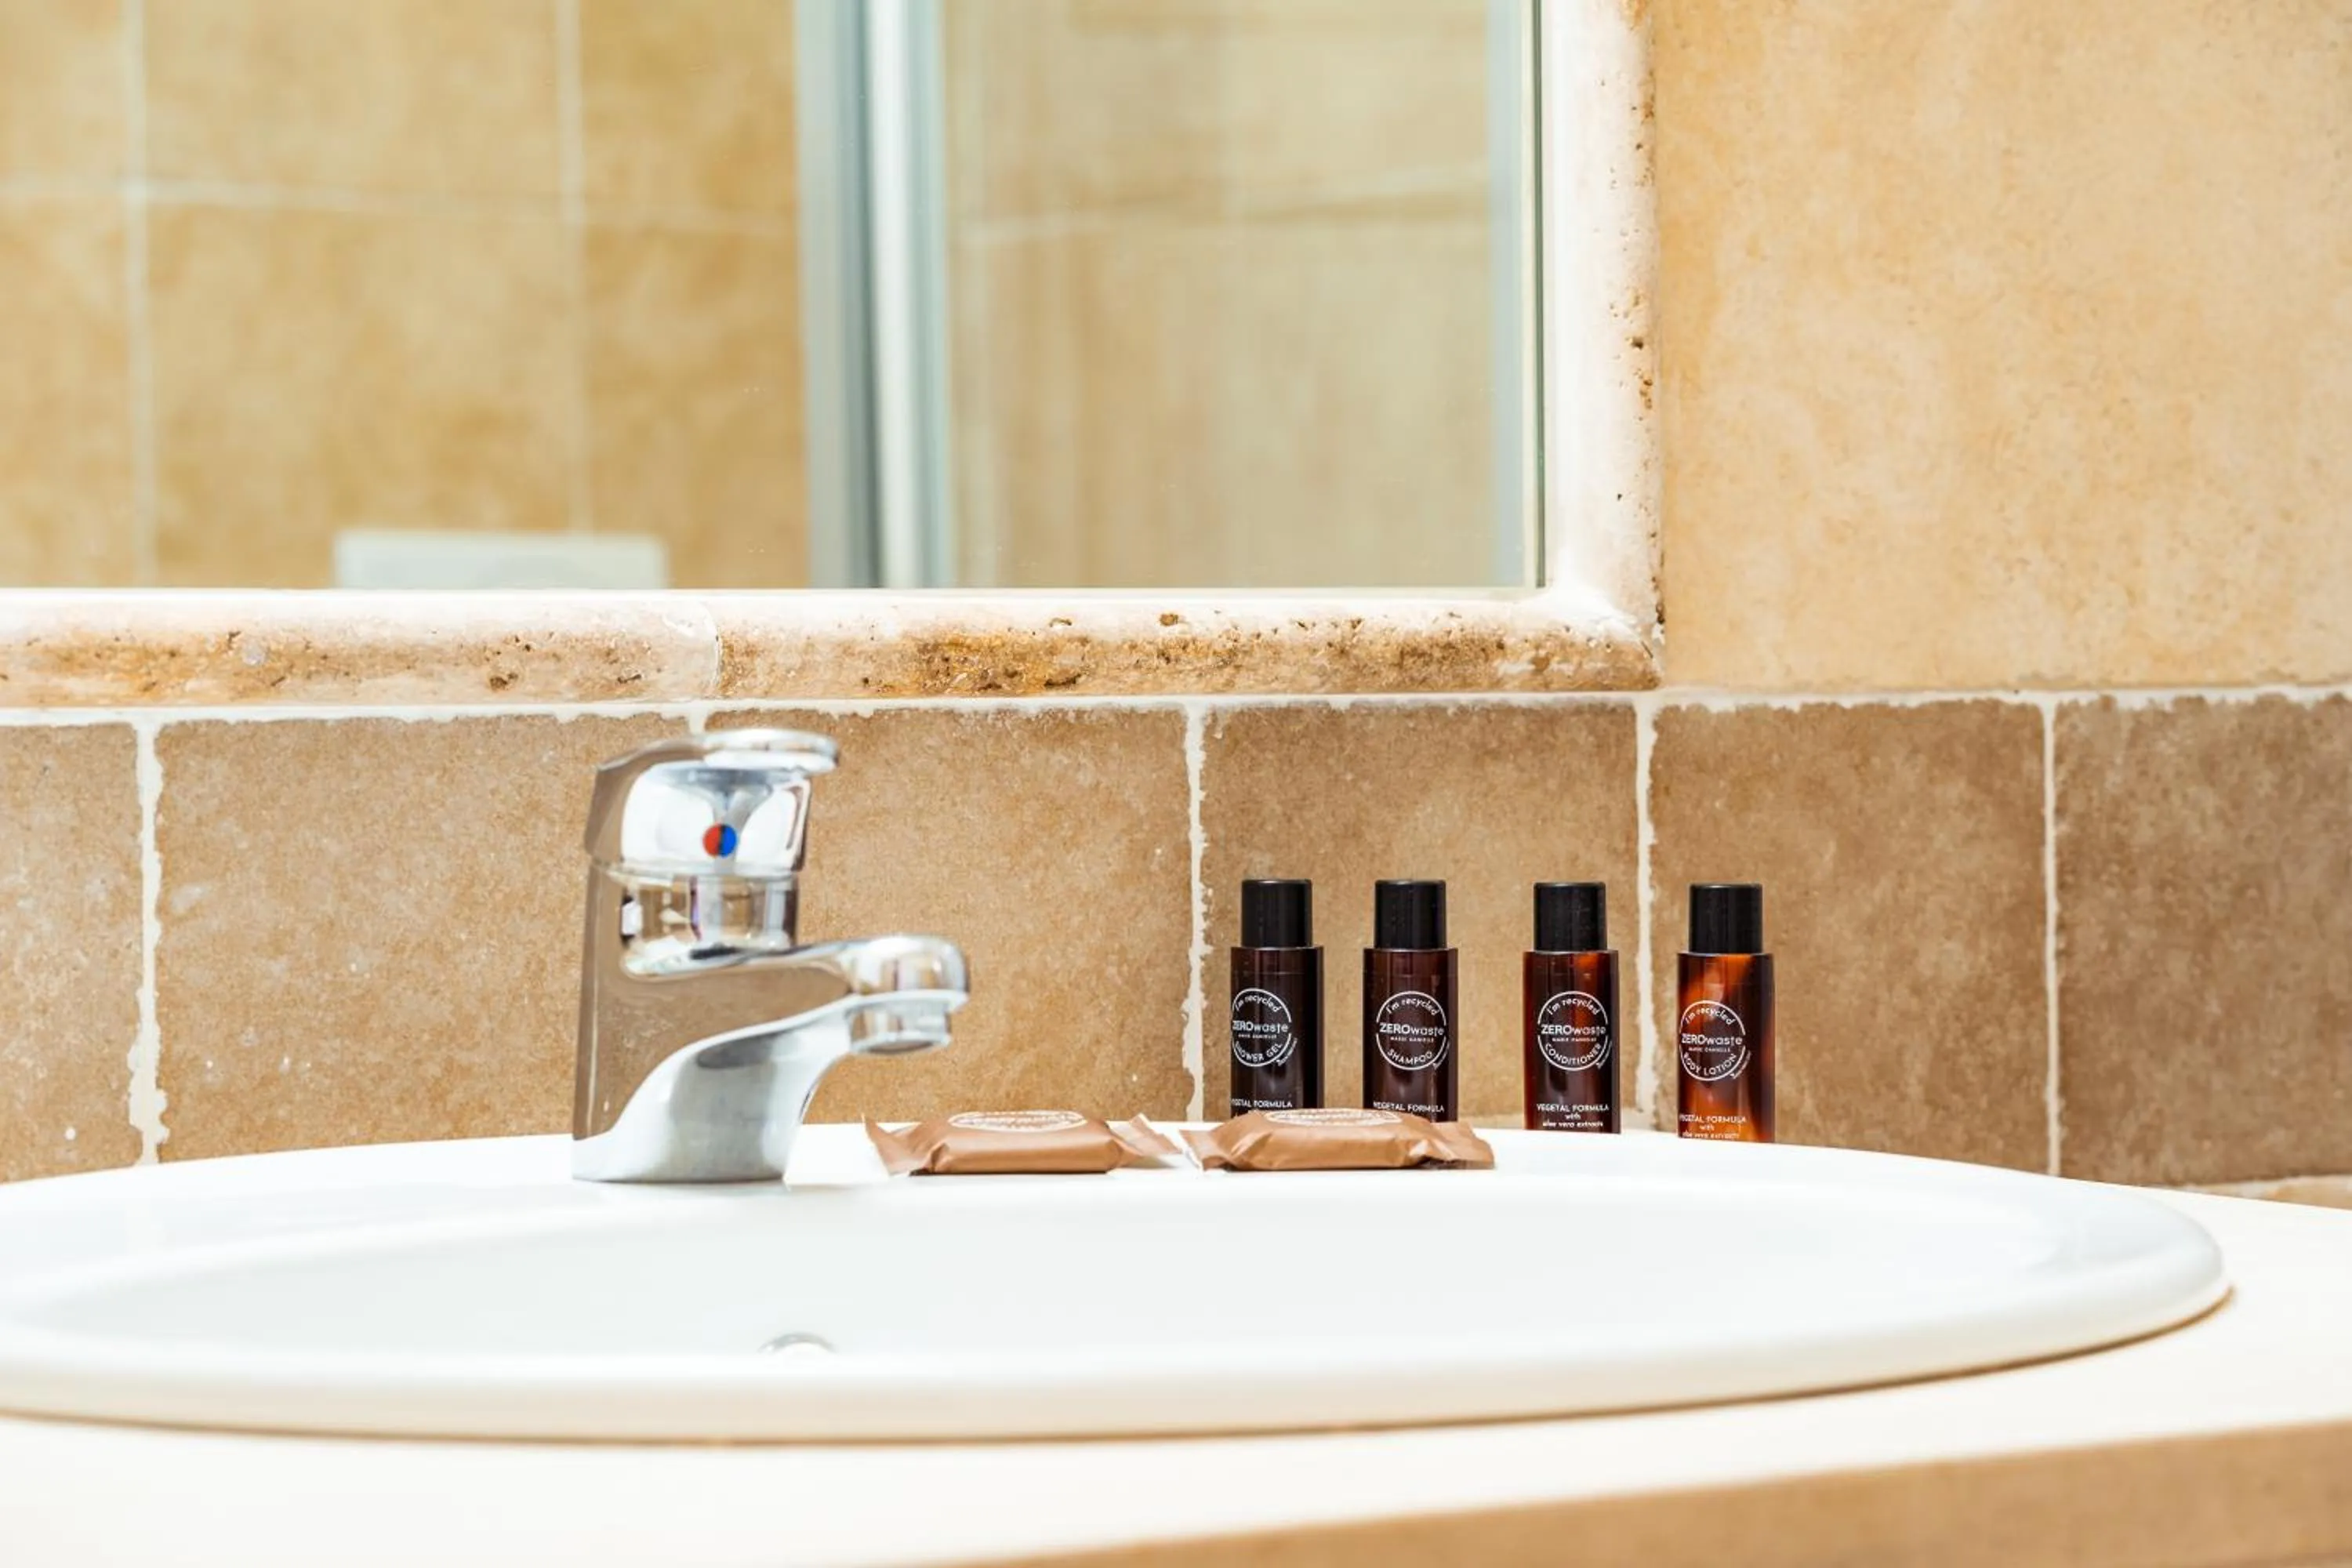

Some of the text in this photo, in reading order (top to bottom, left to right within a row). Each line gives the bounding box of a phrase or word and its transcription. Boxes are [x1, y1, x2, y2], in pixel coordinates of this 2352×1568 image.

[1401, 998, 1441, 1015] recycled
[1562, 998, 1600, 1015] recycled
[1379, 1022, 1445, 1037] ZEROwaste
[1541, 1024, 1606, 1037] ZEROwaste
[1681, 1033, 1743, 1047] ZEROwaste
[1266, 1044, 1283, 1058] GEL
[1387, 1048, 1433, 1065] SHAMPOO
[1545, 1043, 1602, 1065] CONDITIONER
[1703, 1053, 1737, 1076] LOTION
[1254, 1100, 1293, 1109] FORMULA
[1407, 1104, 1445, 1112] FORMULA
[1537, 1103, 1609, 1112] VEGETAL FORMULA
[1707, 1116, 1746, 1124] FORMULA

----

Write the records out again verbatim and omit the pictures they contain.

> _Exercise response_:
Some of the text in this photo, in reading order (top to bottom, left to right within a row). Each line gives the bounding box of a phrase or word and its transcription. Boxes are [x1, y1, x2, y2], in pixel coordinates of this 2352×1568 image.

[1401, 998, 1441, 1015] recycled
[1562, 998, 1600, 1015] recycled
[1379, 1022, 1445, 1037] ZEROwaste
[1541, 1024, 1606, 1037] ZEROwaste
[1681, 1033, 1743, 1047] ZEROwaste
[1266, 1044, 1283, 1058] GEL
[1387, 1048, 1433, 1065] SHAMPOO
[1545, 1043, 1602, 1065] CONDITIONER
[1703, 1053, 1737, 1076] LOTION
[1254, 1100, 1293, 1109] FORMULA
[1407, 1104, 1445, 1112] FORMULA
[1537, 1103, 1609, 1112] VEGETAL FORMULA
[1707, 1116, 1746, 1124] FORMULA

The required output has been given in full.